Court Opinion

ID: 9741329
Source: CourtListenerOpinion
Date Created: 2023-08-26 20:53:43.82151+00
Date Added: 2024-06-11T07:24:23.110091
License: Public Domain

O’Connor, J.
(concurring). The plaintiff and the defendant were employed at a Papa Gino’s restaurant. The defendant was employed as a cook. When the plaintiff was injured in the restaurant parking lot, the defendant was also in the lot. However, the defendant had not been scheduled to work and had not worked that day. Instead, according to his deposition testimony, his reasons for being at the restaurant were to watch television and to observe the cashing-out procedure followed by the restaurant managers.

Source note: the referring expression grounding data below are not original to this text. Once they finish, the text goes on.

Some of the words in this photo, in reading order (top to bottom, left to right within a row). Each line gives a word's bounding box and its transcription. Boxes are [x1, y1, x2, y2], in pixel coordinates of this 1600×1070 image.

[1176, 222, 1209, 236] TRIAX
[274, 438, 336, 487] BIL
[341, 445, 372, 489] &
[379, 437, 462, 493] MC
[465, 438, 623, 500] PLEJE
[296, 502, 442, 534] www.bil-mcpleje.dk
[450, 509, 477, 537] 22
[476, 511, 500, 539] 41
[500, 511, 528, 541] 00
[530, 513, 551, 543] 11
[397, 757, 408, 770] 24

His purpose in observ*414ing the cashing-out procedure was to gain knowledge that might help him to become a manager some day.
I agree with the court that the defendant is not entitled to summary judgment and that the judgment must be reversed. The defendant’s purpose for being at the restaurant when the plaintiff was injured is an essential component of his coemployee immunity defense, and the plaintiff cannot properly be foreclosed from litigating that matter. As the Appeals Court said, 35 Mass. App. Ct. 800, 804 (1994), “Where a party’s motive or state of mind is at issue, summary judgment is rarely appropriate.”
I write separately only to express my disagreement with the court in one important respect. The court states its agreement with the Appeals Court that, if the defendant had been on the restaurant property “solely with the bona fide and reasonable job-related purpose of upgrading his job skills and his .employer knowing of it did not discourage such activity, he would have been acting within the course of his employment and entitled to coemployee immunity.” Ante at 411. It is obvious from the context that the “job-related purpose of upgrading his job skills” to which the court refers is the defendant’s objective of acquiring familiarity with a managerial job, a job other than the one he was employed to do. There is, of course, no suggestion by anyone that the defendant’s objective also was to upgrade his cooking skills. It is clear, then, that the court is of the view that an employee, who goes onto his employer’s property for the sole purpose of preparing himself for a job which he has not been employed to do, is acting in the course of his employment for workers’ compensation benefit purposes, in addition to coemployee immunity purposes, if his employer failed to discourage the practice after learning of it. The result is that an employee who is injured in such circumstances may be entitled to workers’ compensation benefits despite the fact that the employee was serving his own interests and none of his employer’s.
I would agree that an employee, who goes onto his employer’s property with his employer’s permission to make observations for the purpose of improving his performance of *415the job he was employed to do, would be acting in the course of his employment. I would agree, too, that an employee, who acts in response to his employer’s express or implicit encouragement to go onto the property to acquire information about other jobs, would be acting in the course of his employment. It is a very different proposition, however, and one with which I do not agree, to say that an employee acts in the course of his employment if he goes onto his employer’s property to serve an interest of the employee alone and the employer, aware of the employee’s interest but not sharing it, fails to discourage that conduct. The court cites no case, and I am aware of none, that supports such an unfair proposition.
The defendant’s deposition testimony establishes, favorably to the plaintiff, that neither of the defendant’s purposes for being on his employer’s property was related to cooking, which was the job he was employed to do. Furthermore, the defendant has not established for summary judgment purposes that he was explicitly or implicitly encouraged by his employer to be on the employer’s premises to observe cashing-out procedures. In my view, that is a second reason why the summary judgment for the defendant that was entered in the Superior Court should be reversed.